— Work request —
The pictures do not go in the copy. Reproduce the rest of the entries exactly.

Input data: Begin

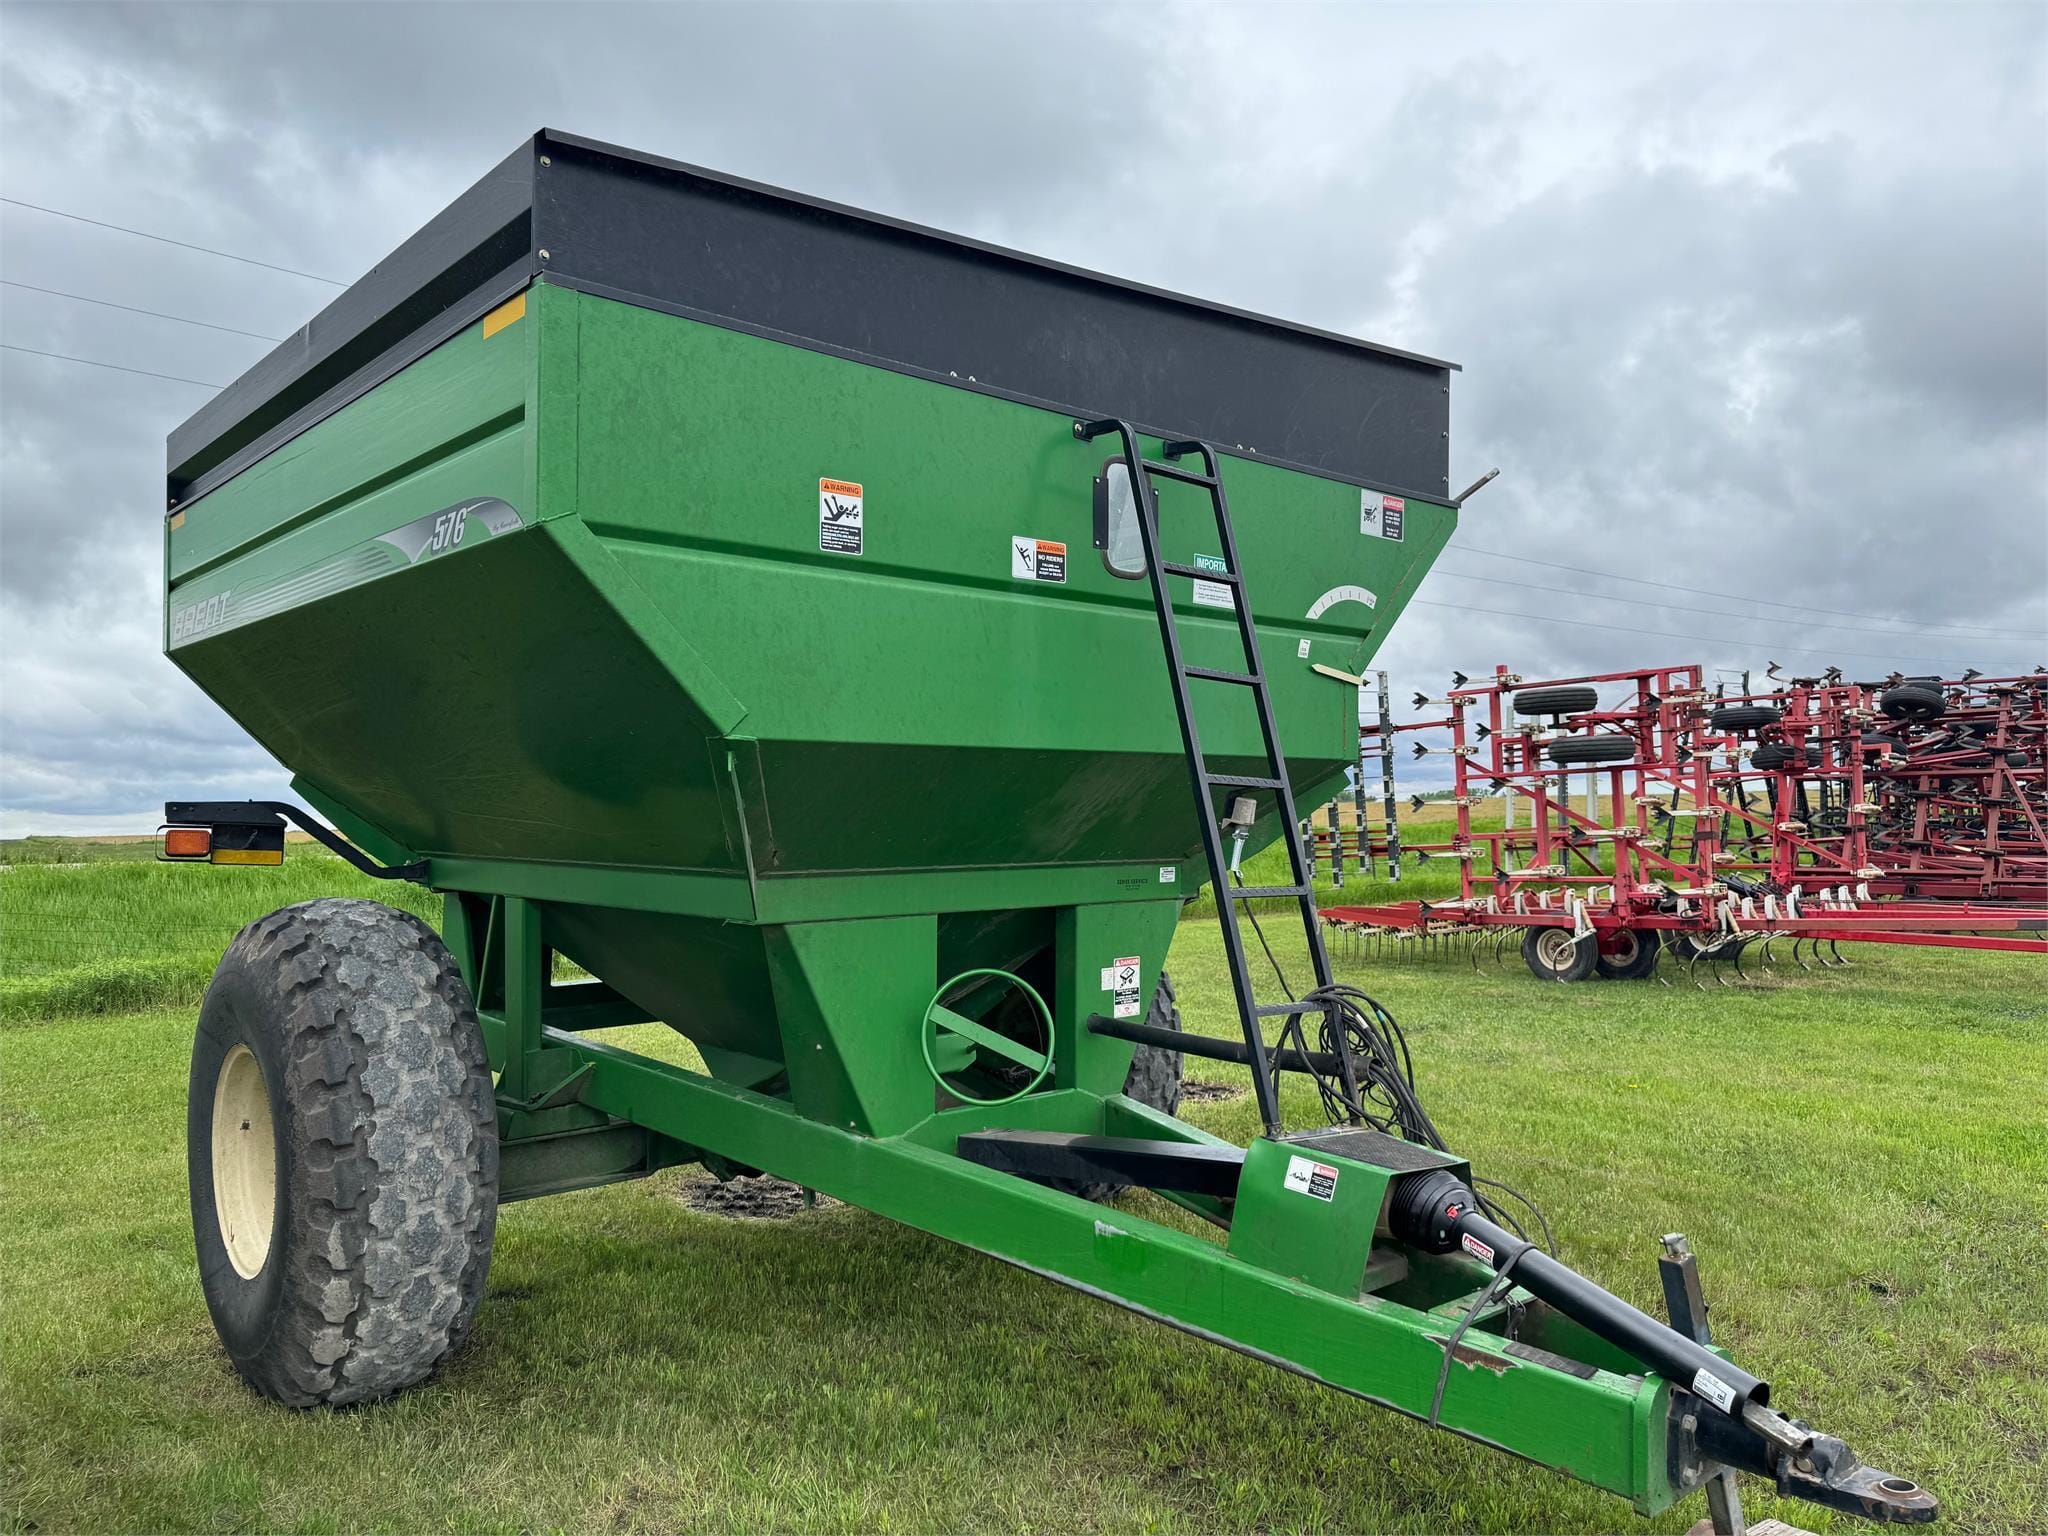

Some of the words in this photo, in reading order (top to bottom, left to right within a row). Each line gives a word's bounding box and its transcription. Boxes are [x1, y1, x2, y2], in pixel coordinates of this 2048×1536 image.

[830, 483, 859, 495] WARNING
[432, 507, 467, 551] 576
[1042, 544, 1064, 553] WARNING
[1046, 555, 1064, 563] RIDERS
[173, 590, 231, 641] BRENT
[1470, 1241, 1492, 1260] DANGER

Input data: End

— Result below —
Some of the words in this photo, in reading order (top to bottom, left to right within a row). Each line gives a word's bounding box and its transcription. Boxes are [x1, y1, x2, y2], in pixel coordinates of this 2048×1536 image.

[830, 483, 859, 495] WARNING
[432, 507, 467, 551] 576
[1042, 544, 1064, 553] WARNING
[1046, 555, 1064, 563] RIDERS
[173, 590, 231, 641] BRENT
[1470, 1241, 1492, 1260] DANGER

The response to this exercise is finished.